It's been six months since Election Day, and Minnesota is still waiting for a winner in the U.S. Senate race. Secretary of State Mark Ritchie said the long-running recount highlighted concerns over wrongly-rejected absentee ballots and the stress on local elections workers. He said it showed the need to change election laws.
"We have a lot of information about important changes that we can make and we have momentum because the recount has given us a lot of momentum around making changes," Ritchie said.
The bill the Minnesota Senate is set to vote on tackles some of those issues. The bill would create a more uniform standard for collecting and counting absentee ballots.
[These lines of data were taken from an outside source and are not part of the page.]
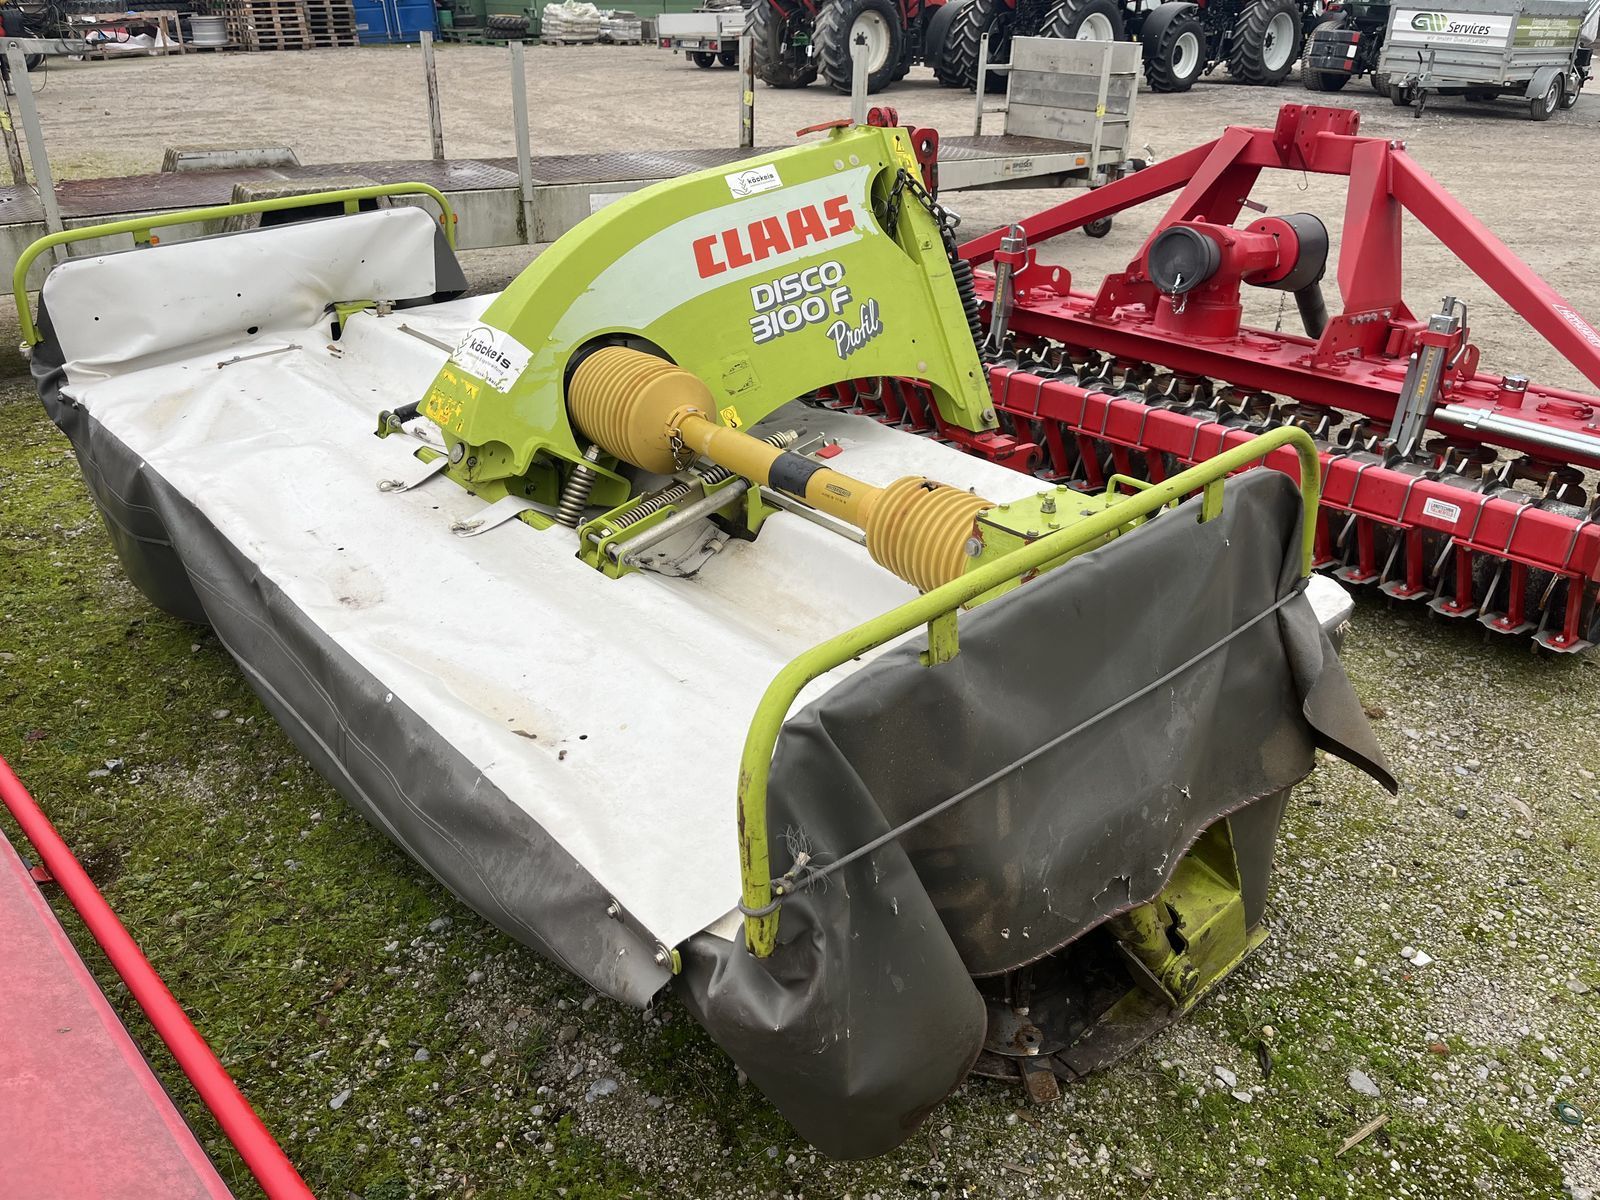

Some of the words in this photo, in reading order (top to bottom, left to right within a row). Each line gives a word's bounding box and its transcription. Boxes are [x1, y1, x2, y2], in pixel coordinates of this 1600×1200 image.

[1447, 21, 1491, 35] Services
[747, 173, 774, 184] köckeis
[692, 195, 856, 279] CLAAS
[750, 260, 845, 313] DISCO
[749, 296, 829, 344] 3100
[830, 286, 853, 315] F
[826, 298, 883, 360] Profil
[469, 338, 511, 369] köckeis
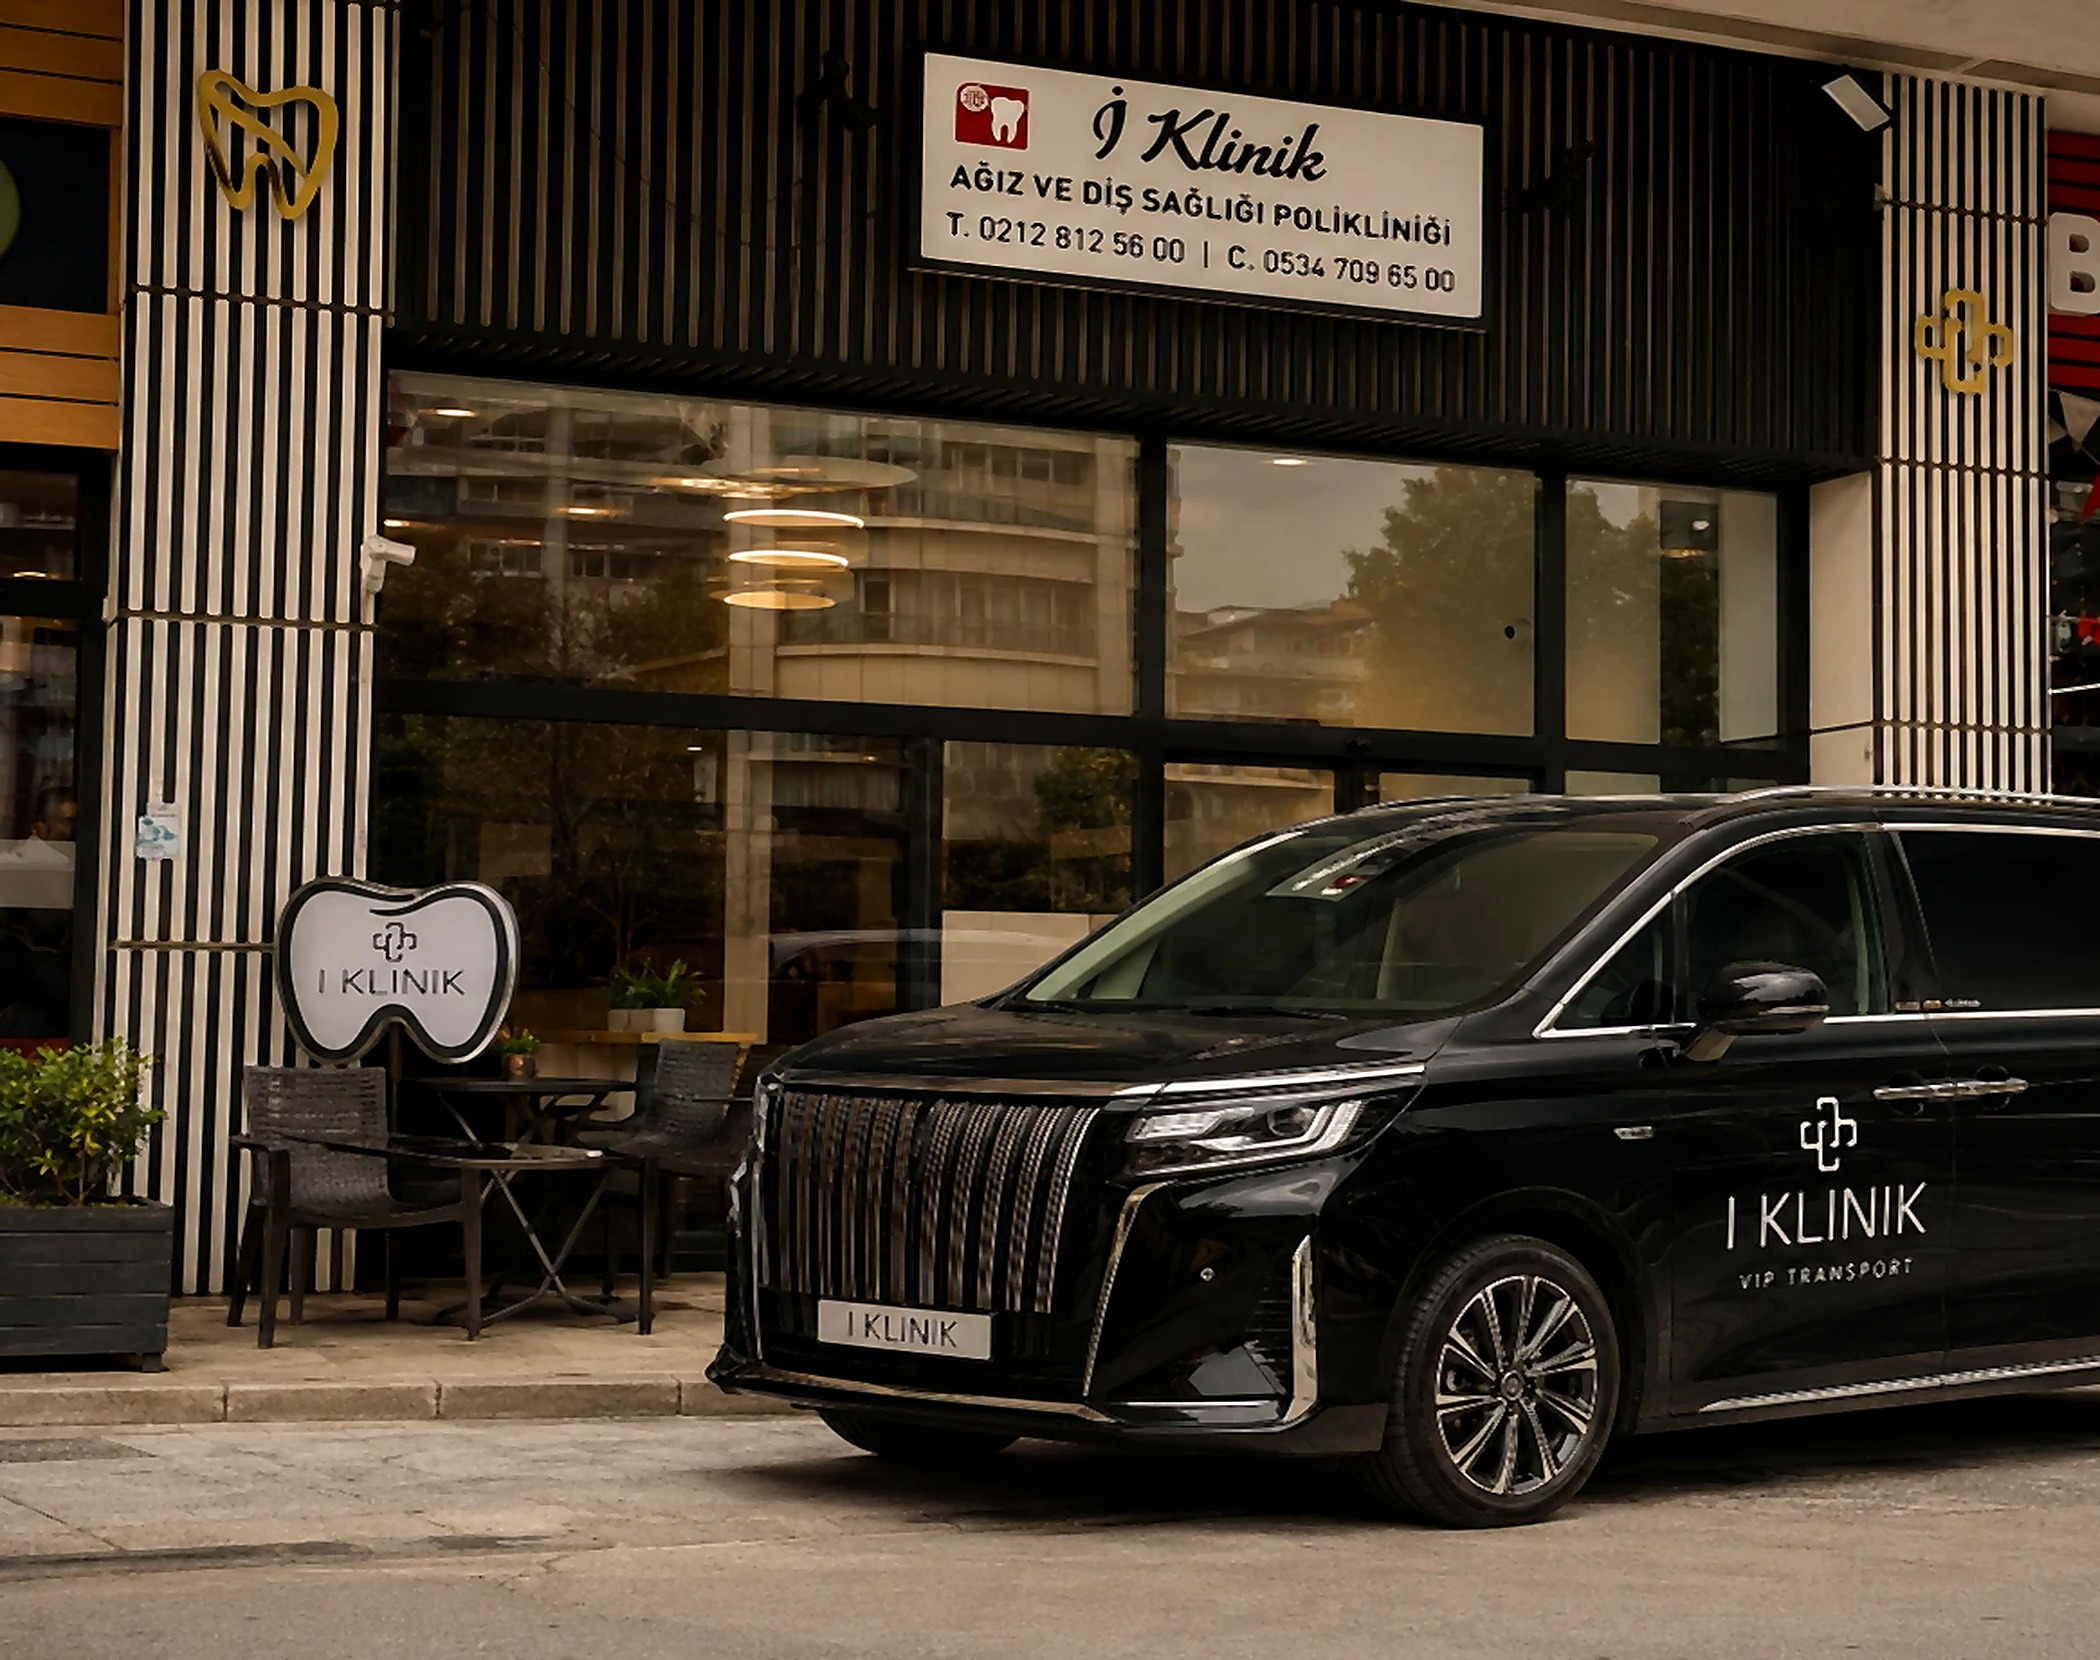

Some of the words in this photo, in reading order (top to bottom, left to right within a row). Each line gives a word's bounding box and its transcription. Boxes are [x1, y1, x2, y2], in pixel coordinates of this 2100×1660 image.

[1140, 109, 1327, 181] Klinik
[950, 160, 1025, 196] AĞIZ
[1033, 173, 1073, 202] VE
[1083, 176, 1133, 216] DİŞ
[1142, 187, 1264, 225] SAĞLIĞI
[1274, 203, 1450, 247] POLİKLİNİĞİ
[946, 211, 970, 237] T.
[980, 216, 1047, 247] 0212
[1055, 226, 1104, 254] 812
[1113, 232, 1145, 259] 56
[1153, 236, 1186, 264] 00
[1227, 244, 1255, 271] C.
[1263, 249, 1325, 278] 0534
[1334, 257, 1380, 285] 709
[1388, 263, 1418, 290] 65
[1425, 267, 1456, 294] 00
[318, 968, 325, 994] I
[342, 968, 465, 996] KLINIK
[1727, 1195, 1736, 1250] I
[1759, 1181, 1928, 1248] KLINIK
[1739, 1270, 1775, 1290] VIP
[1786, 1256, 1914, 1286] TRANSPORT
[864, 1312, 958, 1348] KLINIK
DFL Sen. Katie Sieben of Newport said her legislation would also allow Minnesotans to vote up to 18 days before the election, a move she said would reduce the steady increase in voting absentee. She also said moving the state's primary election from September to June would give elections workers more time to create and mail absentee ballots to overseas voters.
"The Franken-Coleman race showed that we do have a strong election system here in Minnesota," Sieben said. "But there are changes that could help ensure that more Minnesotans votes are counted."
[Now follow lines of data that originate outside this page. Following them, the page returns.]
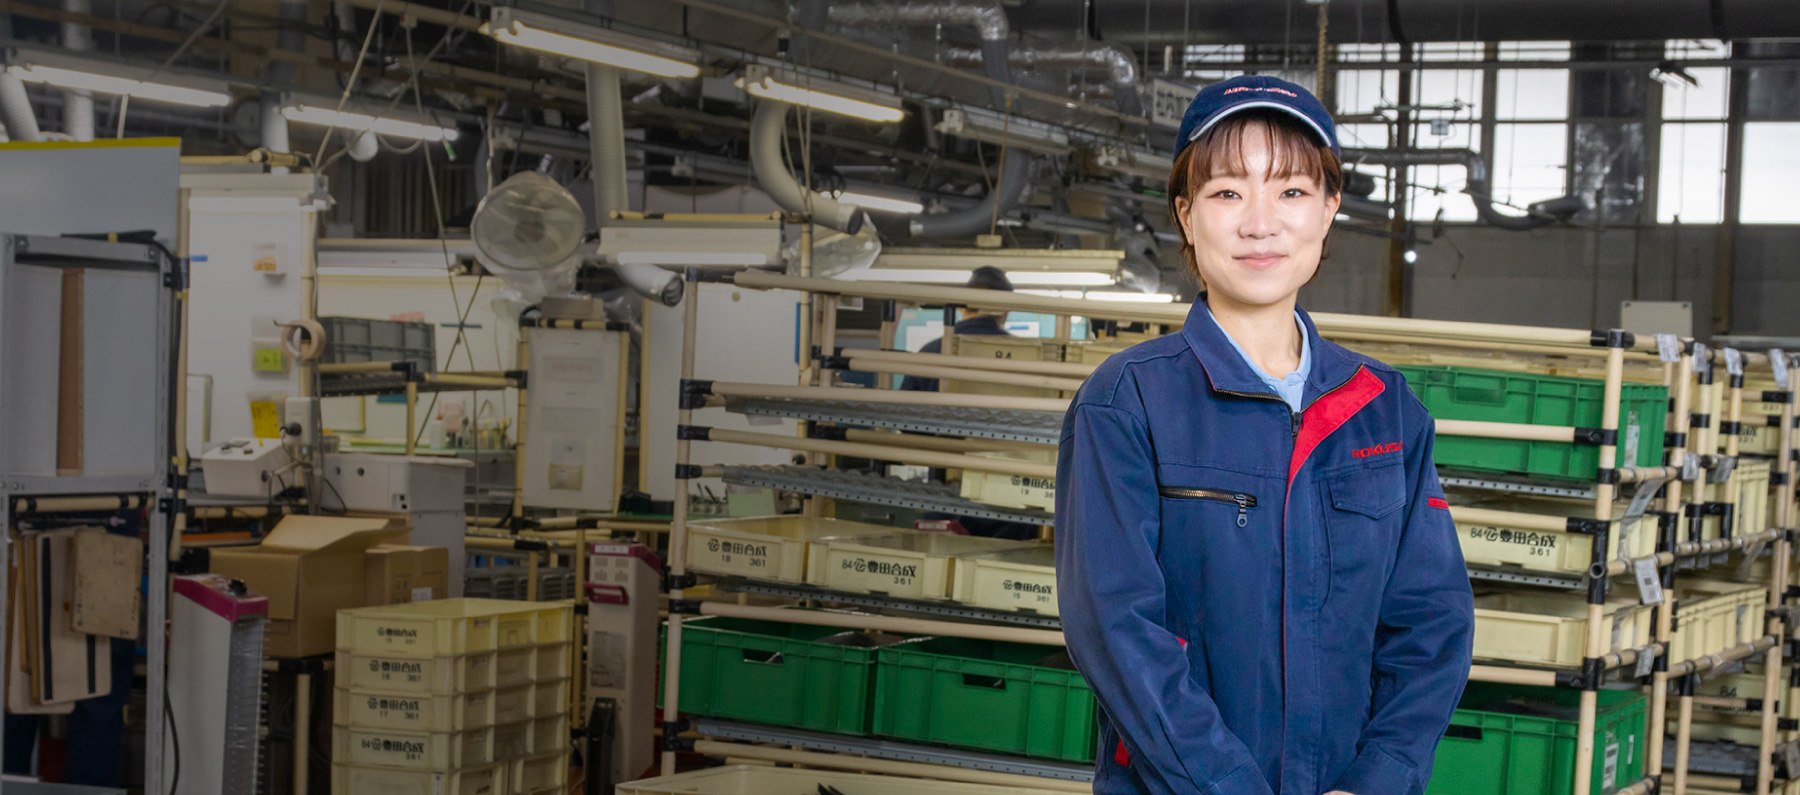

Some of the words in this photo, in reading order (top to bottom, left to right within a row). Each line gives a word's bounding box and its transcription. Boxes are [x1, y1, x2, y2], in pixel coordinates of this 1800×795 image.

[1470, 527, 1482, 538] 84
[1530, 547, 1551, 556] 361
[749, 558, 766, 568] 361
[842, 559, 853, 569] 84
[893, 577, 911, 585] 361
[1036, 595, 1050, 603] 361
Sieben and other members of the Senate say they hope the House would be willing to accept many of the ideas they and the Secretary of State's office put in the bill. But the chair of the elections committee in the House doesn't see the same urgency.
"There is nothing in any of these bills that will cause the earth to stand still, that will mean that tomorrow the sun does not come up, or I'll put it this way, could not be heard next session," said DFL Rep. Gene Pelowski of Winona.
Pelowski said, besides making changes to the absentee ballot system, there isn't a real need to change the state's election laws. Pelowski said there wasn't fraud or any other fundamental problem with the 2008 election. He said it was just a close election.
"In the millions of votes, we're only looking at a few hundred here that are called into question and again called into question because of any type of corruption? No," Pelowski said. "Called into question because primarily of absentee ballots and how they were handled. What I consider Minnesota to be is a shining example of we're going to count every vote we can possibly can and if it takes six months to do it then it takes six months to do it."
DFL House Speaker Margaret Anderson Kelliher said she's going to follow Pelowski's lead on election bills. She also said it's hard to make changes to election law when the Senate race is being argued in the courts. She said it may be easier to act on election bills next year.
But Secretary of State Ritchie is pushing for the Legislature to make the changes this session. He said failing to act this year could mean some of the changes won't happen at all because every member of the Legislature and all of the state's constitutional officers will be on the ballot in 2010.
"These are changes that are important for the well-being of the system," Ritchie said. "Some have been passed before. These are things we need now and we need to do this in a year that doesn't have big elections." Ritchie said local elections officials would like to see some of the changes put in place this session so they have time to prepare for 2010. He also argues that changing the absentee ballot system will save money. But money could force the Legislature to put off election matters until next year.
Lawmakers and Gov. Pawlenty are still negotiating over how to erase the state's $4.6 billion budget deficit. With less than two weeks to go until the constitutional deadline for lawmakers to finish their work, lawmakers may focus most of their remaining time on the budget.